**What you will do:**
Word for word, and without a single picture, repeat the entries.

#####

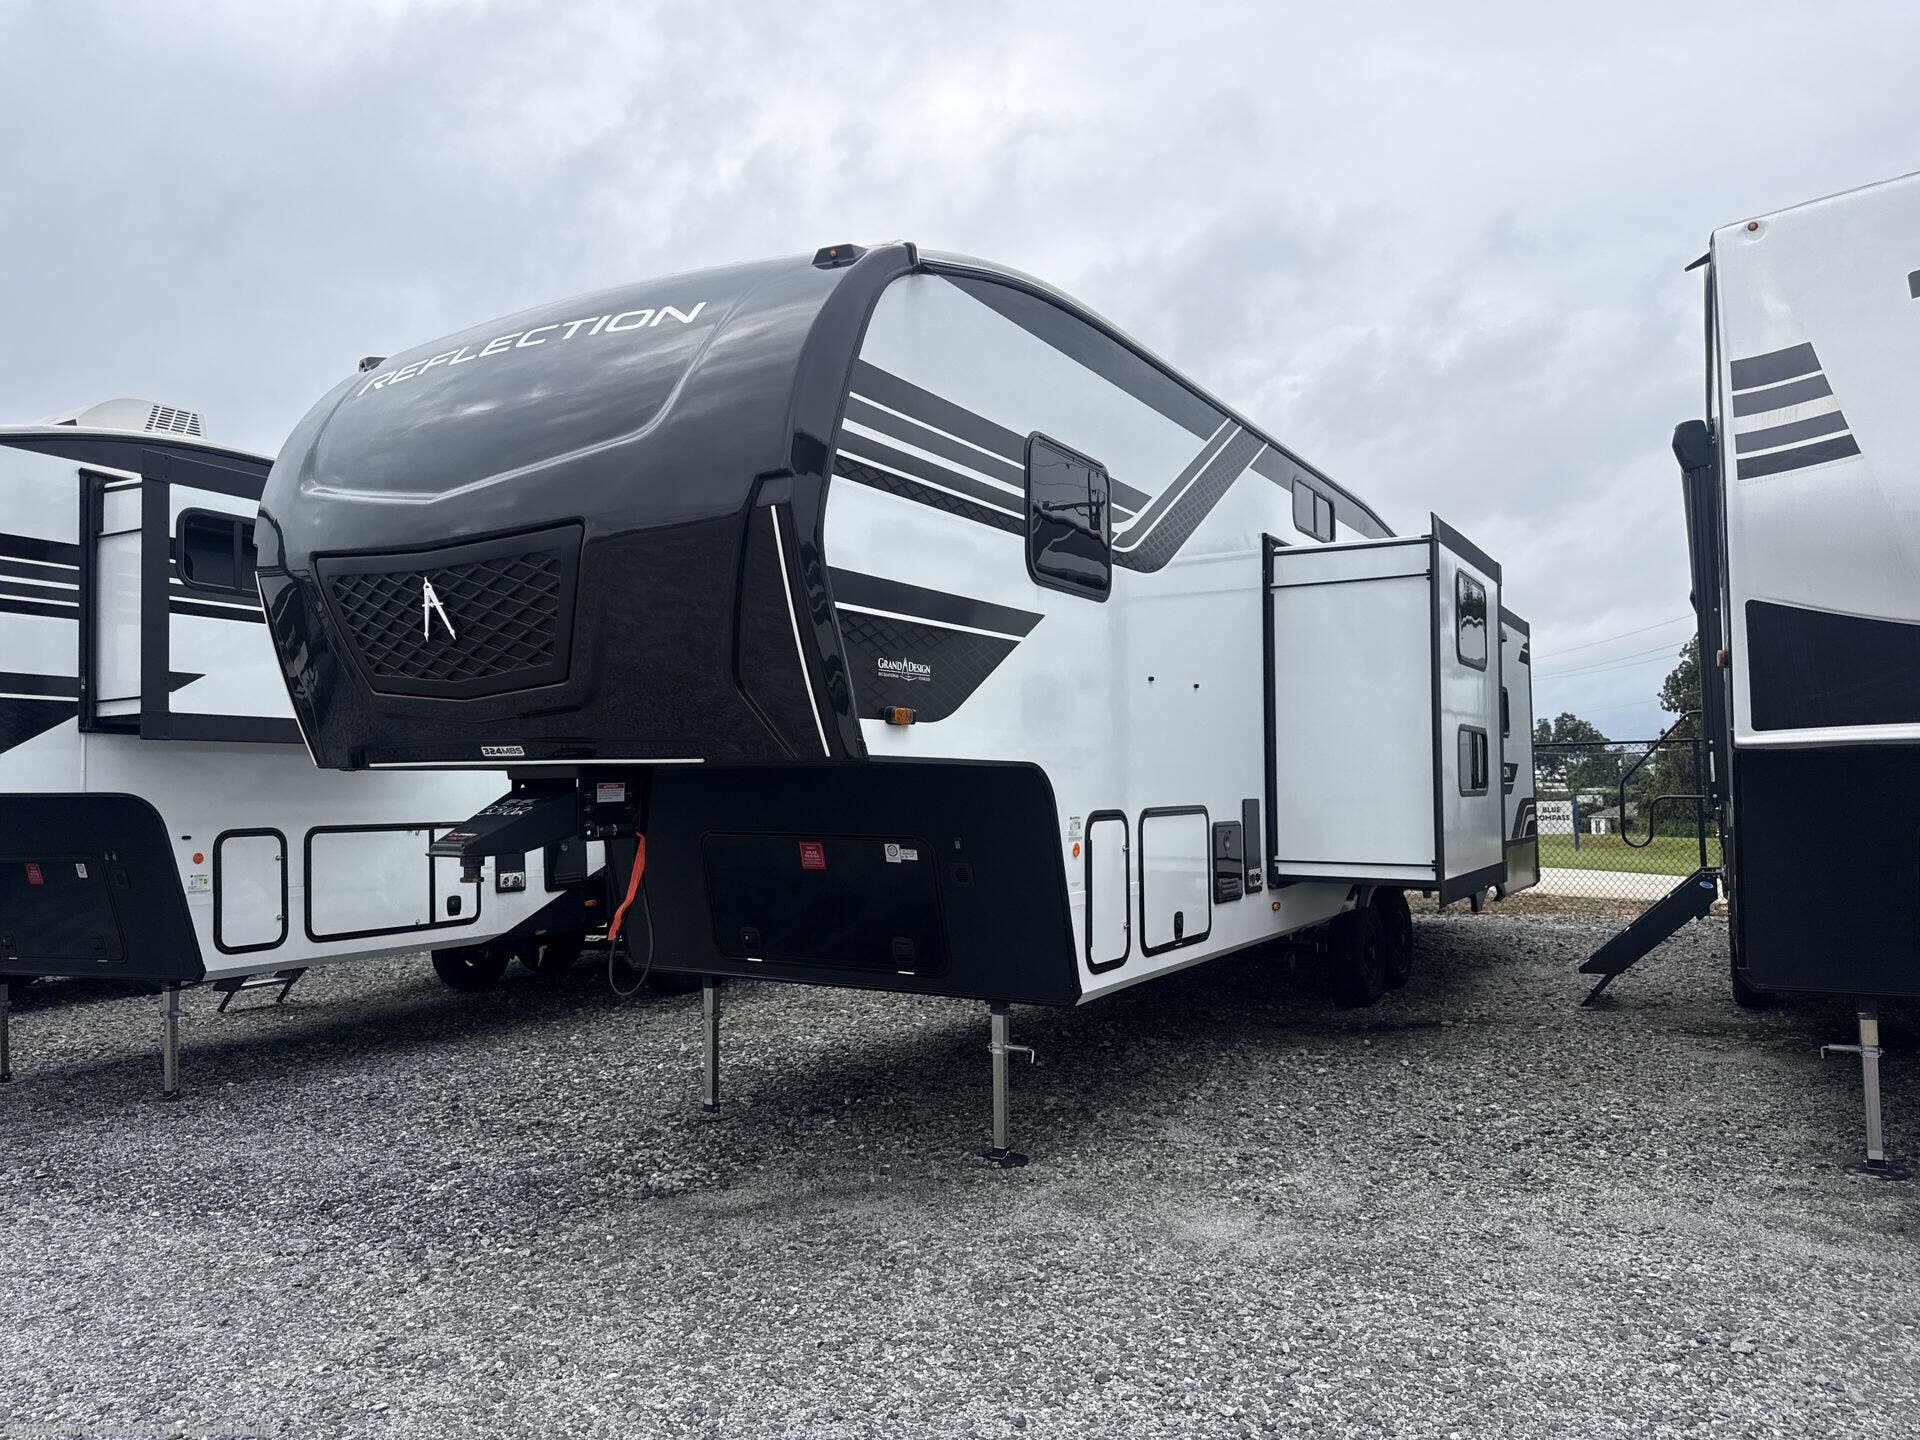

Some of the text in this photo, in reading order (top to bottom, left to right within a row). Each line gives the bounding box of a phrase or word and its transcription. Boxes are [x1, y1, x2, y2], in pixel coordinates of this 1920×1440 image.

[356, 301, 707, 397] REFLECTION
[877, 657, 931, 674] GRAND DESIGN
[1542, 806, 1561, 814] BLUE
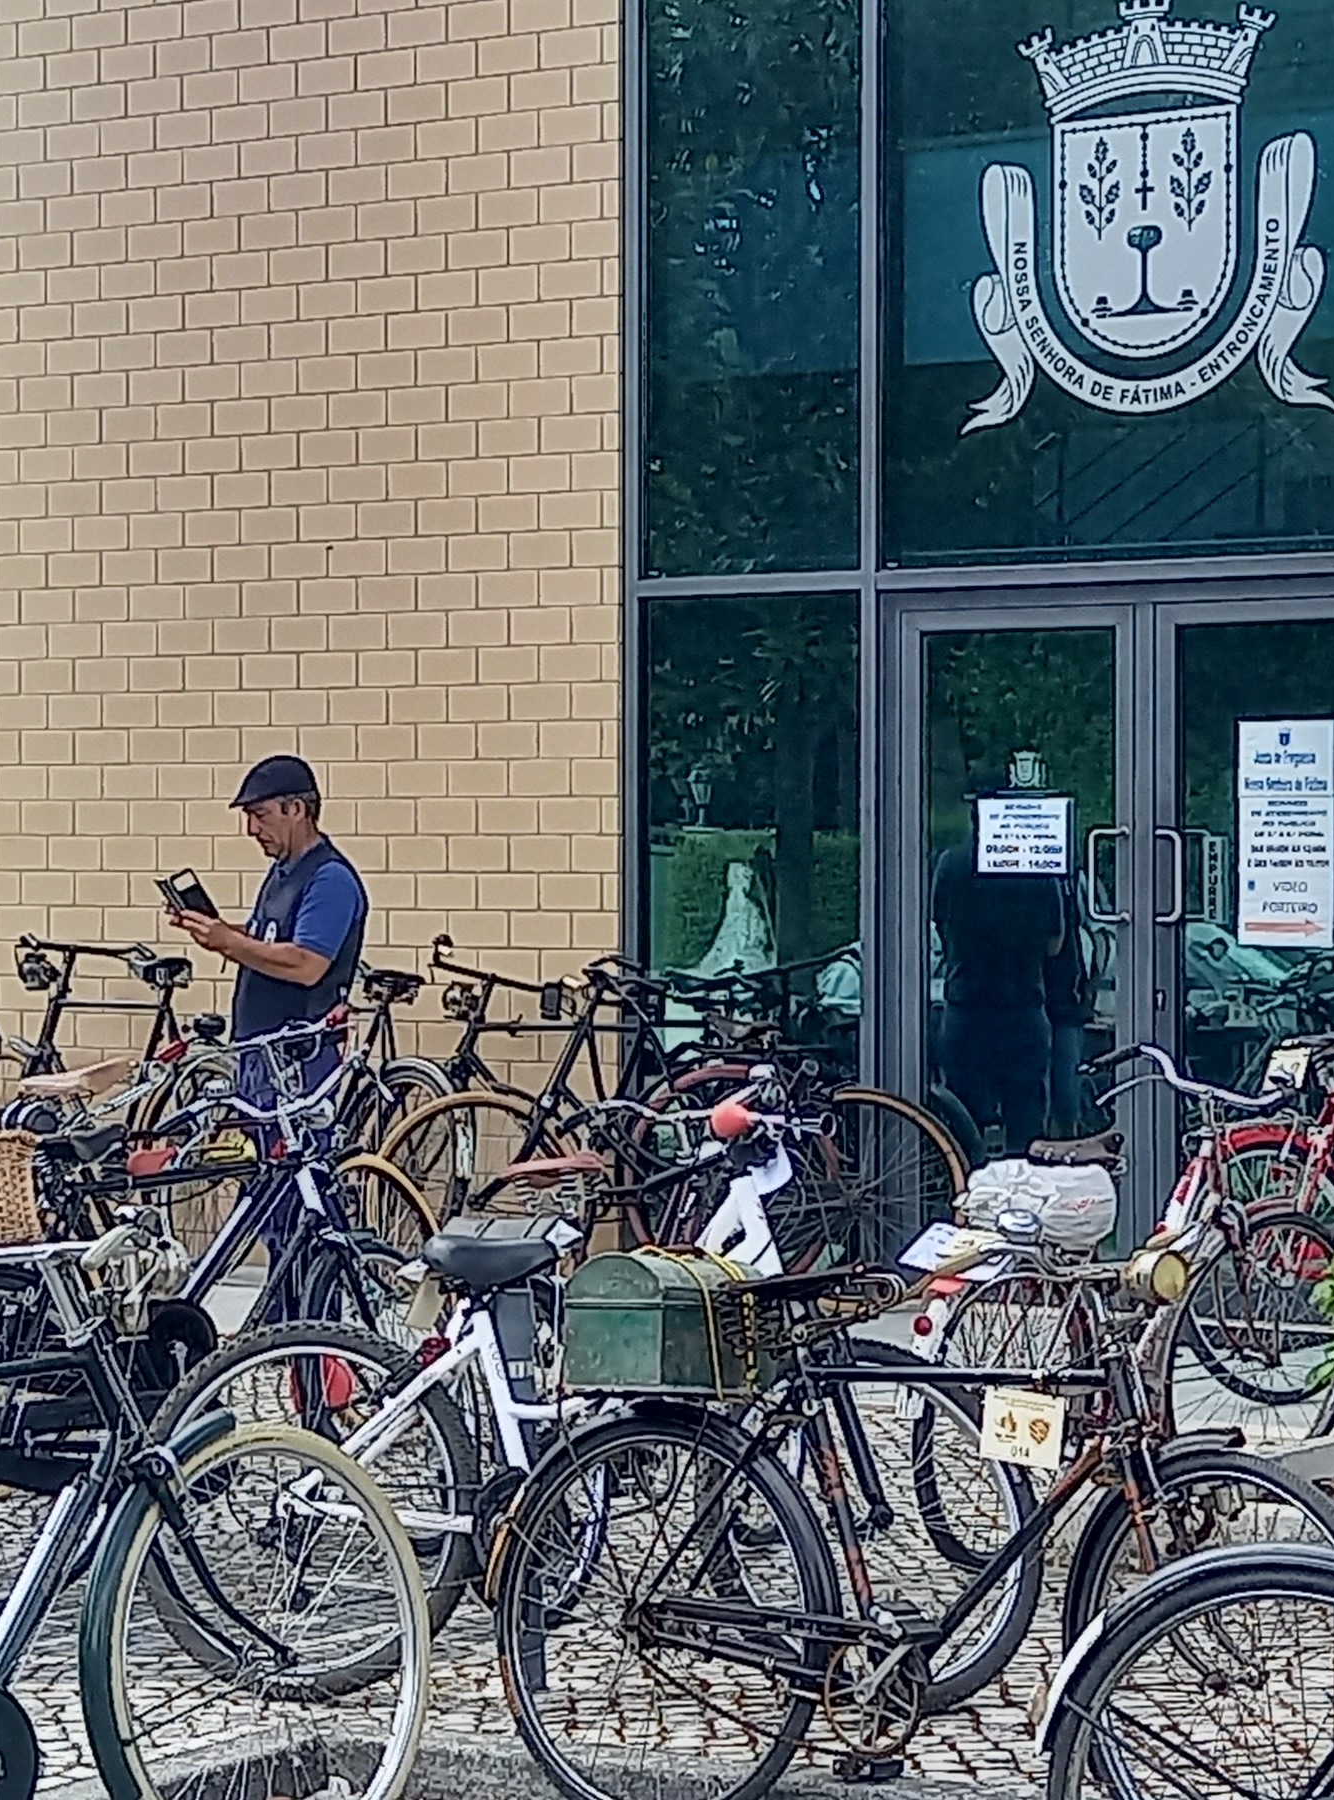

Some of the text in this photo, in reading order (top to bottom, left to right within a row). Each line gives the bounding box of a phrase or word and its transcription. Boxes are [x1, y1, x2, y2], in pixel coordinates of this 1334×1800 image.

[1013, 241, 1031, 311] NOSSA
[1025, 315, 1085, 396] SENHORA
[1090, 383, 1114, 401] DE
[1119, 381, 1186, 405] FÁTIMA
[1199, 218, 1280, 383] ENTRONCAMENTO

#####

**Result of the task:**
Some of the text in this photo, in reading order (top to bottom, left to right within a row). Each line gives the bounding box of a phrase or word and its transcription. Boxes are [x1, y1, x2, y2], in pixel coordinates of this 1920×1440 image.

[356, 301, 707, 397] REFLECTION
[877, 657, 931, 674] GRAND DESIGN
[1542, 806, 1561, 814] BLUE

Some of the text in this photo, in reading order (top to bottom, left to right within a row). Each line gives the bounding box of a phrase or word and its transcription. Boxes are [x1, y1, x2, y2], in pixel coordinates of this 1334×1800 image.

[1013, 241, 1031, 311] NOSSA
[1025, 315, 1085, 396] SENHORA
[1090, 383, 1114, 401] DE
[1119, 381, 1186, 405] FÁTIMA
[1199, 218, 1280, 383] ENTRONCAMENTO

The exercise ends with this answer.